На следующий день Мизуки покончила собой. В офисе все дружно выразили соболезнования семье. И все! Все вернулись к работе, но без рвения. Цутому все чаще стал замечать — кто-то из коллег опаздывал, уходил раньше, а то и вовсе не приходил. Работой манкировал даже начальник. Офис пустел, а на улице… На улице становилось до омерзения нестерпимо, особенно после рокового объявления — катастрофа неизбежна.

Правил больше не существовало. Чуя конец, люди как назло кричали, плакали, смеялись непривычно громко. Многие плевали на порядок очереди, толкались, игнорировали статус и положение. Одно за одним приходили сообщения о свершенных преступлениях, убийствах, кражах, изнасилованиях…

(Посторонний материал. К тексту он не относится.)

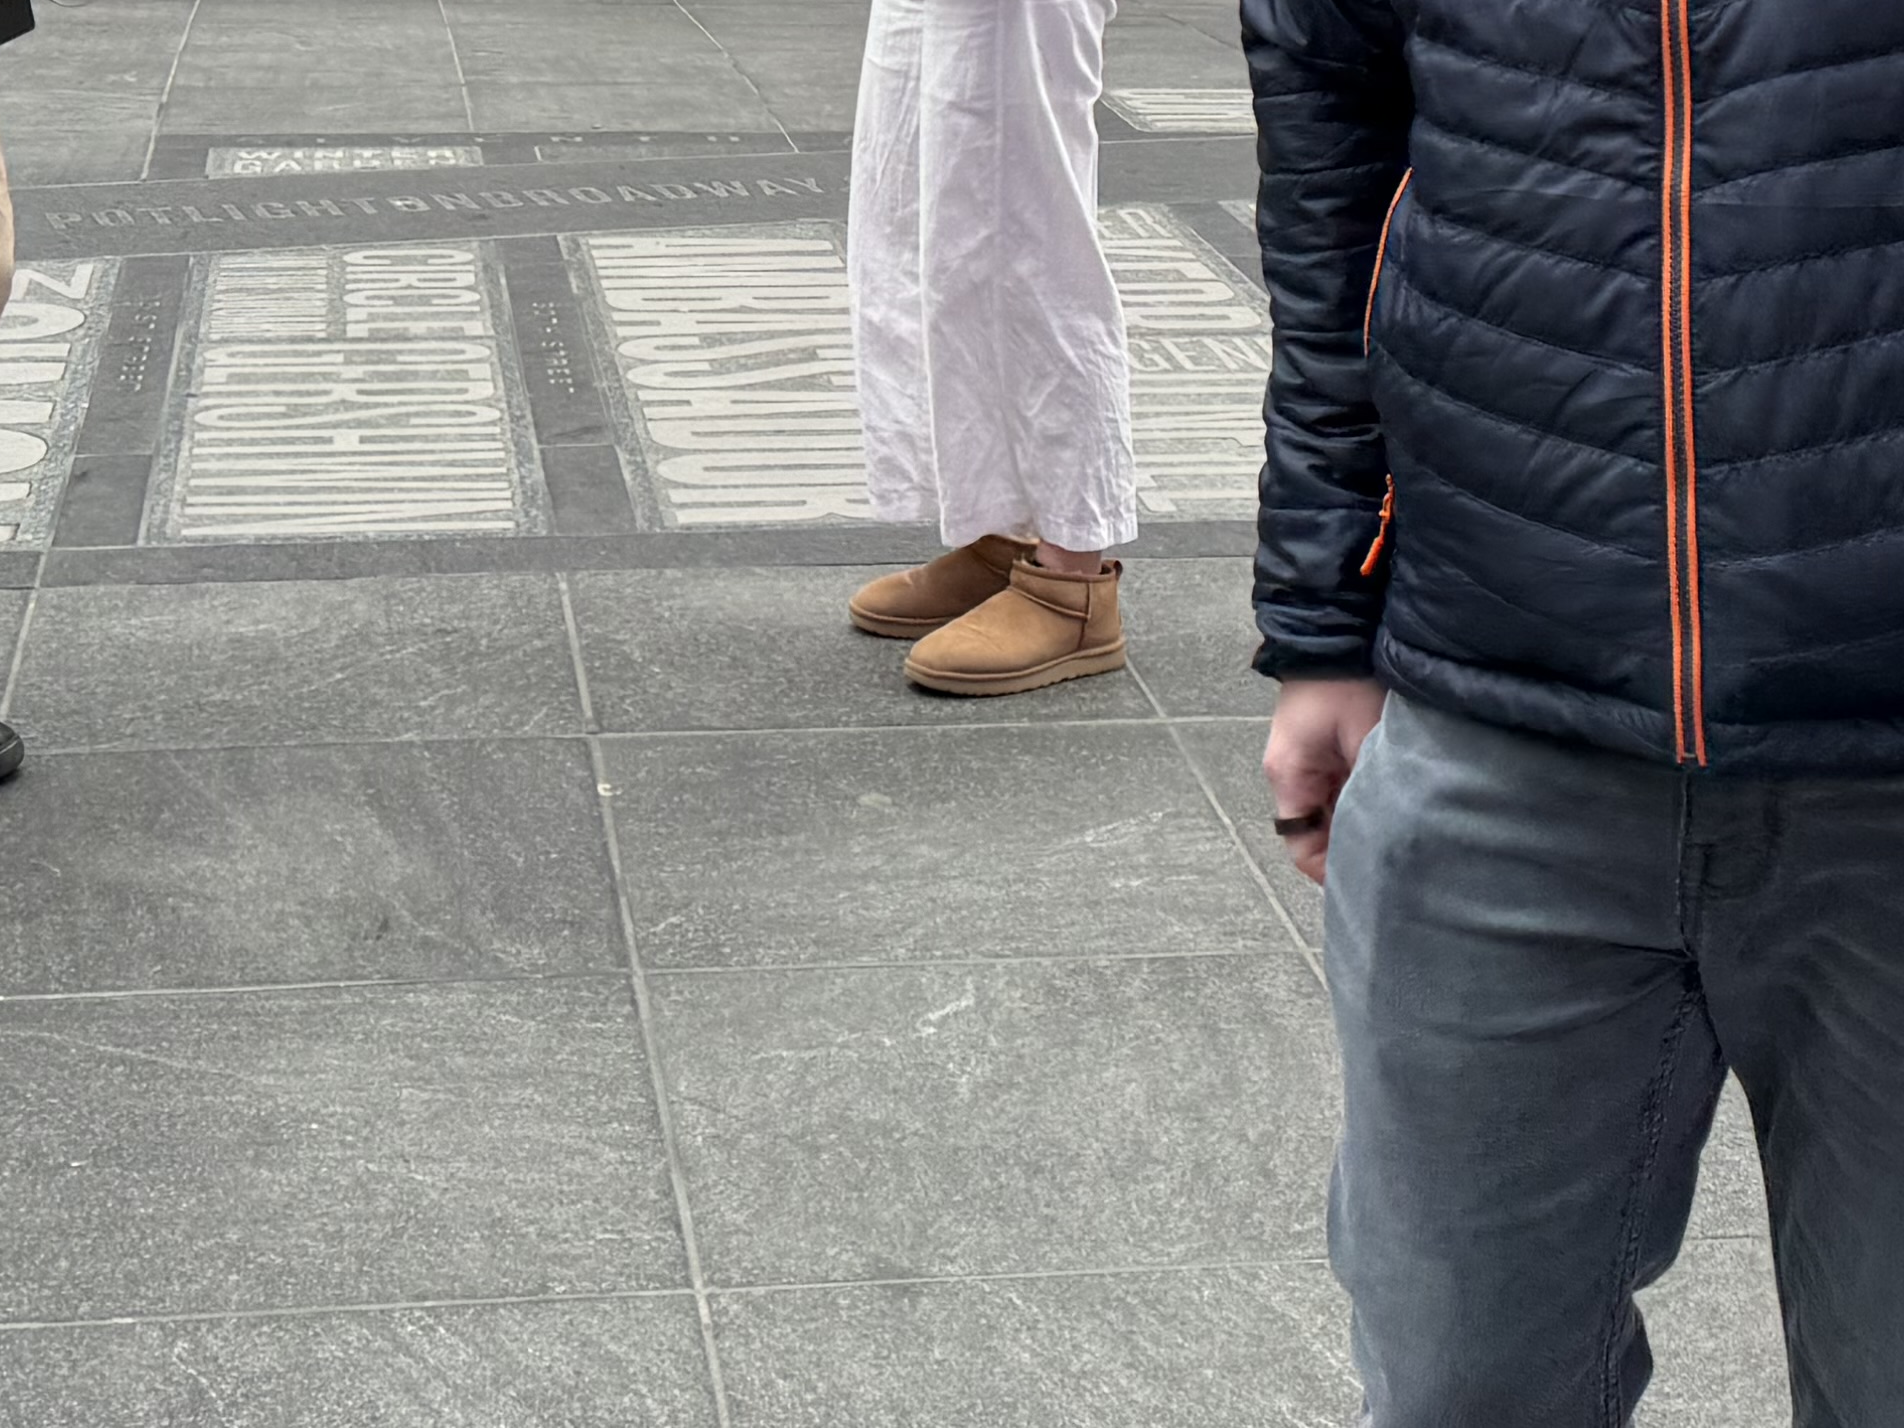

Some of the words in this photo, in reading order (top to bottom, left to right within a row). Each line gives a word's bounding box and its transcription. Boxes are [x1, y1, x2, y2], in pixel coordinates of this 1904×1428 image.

Не все вели себя как животные, однако Токио привык жить по правилам. Вся Япония привыкла жить по правилам, а теперь нация разделилась пополам — тех, кто был верен традициям, и тех, кто этими традициями пренебрег. Цутому тихо возмущался этому разгулу. Конец света — не повод сходить с ума, но людям было все равно на его убеждения.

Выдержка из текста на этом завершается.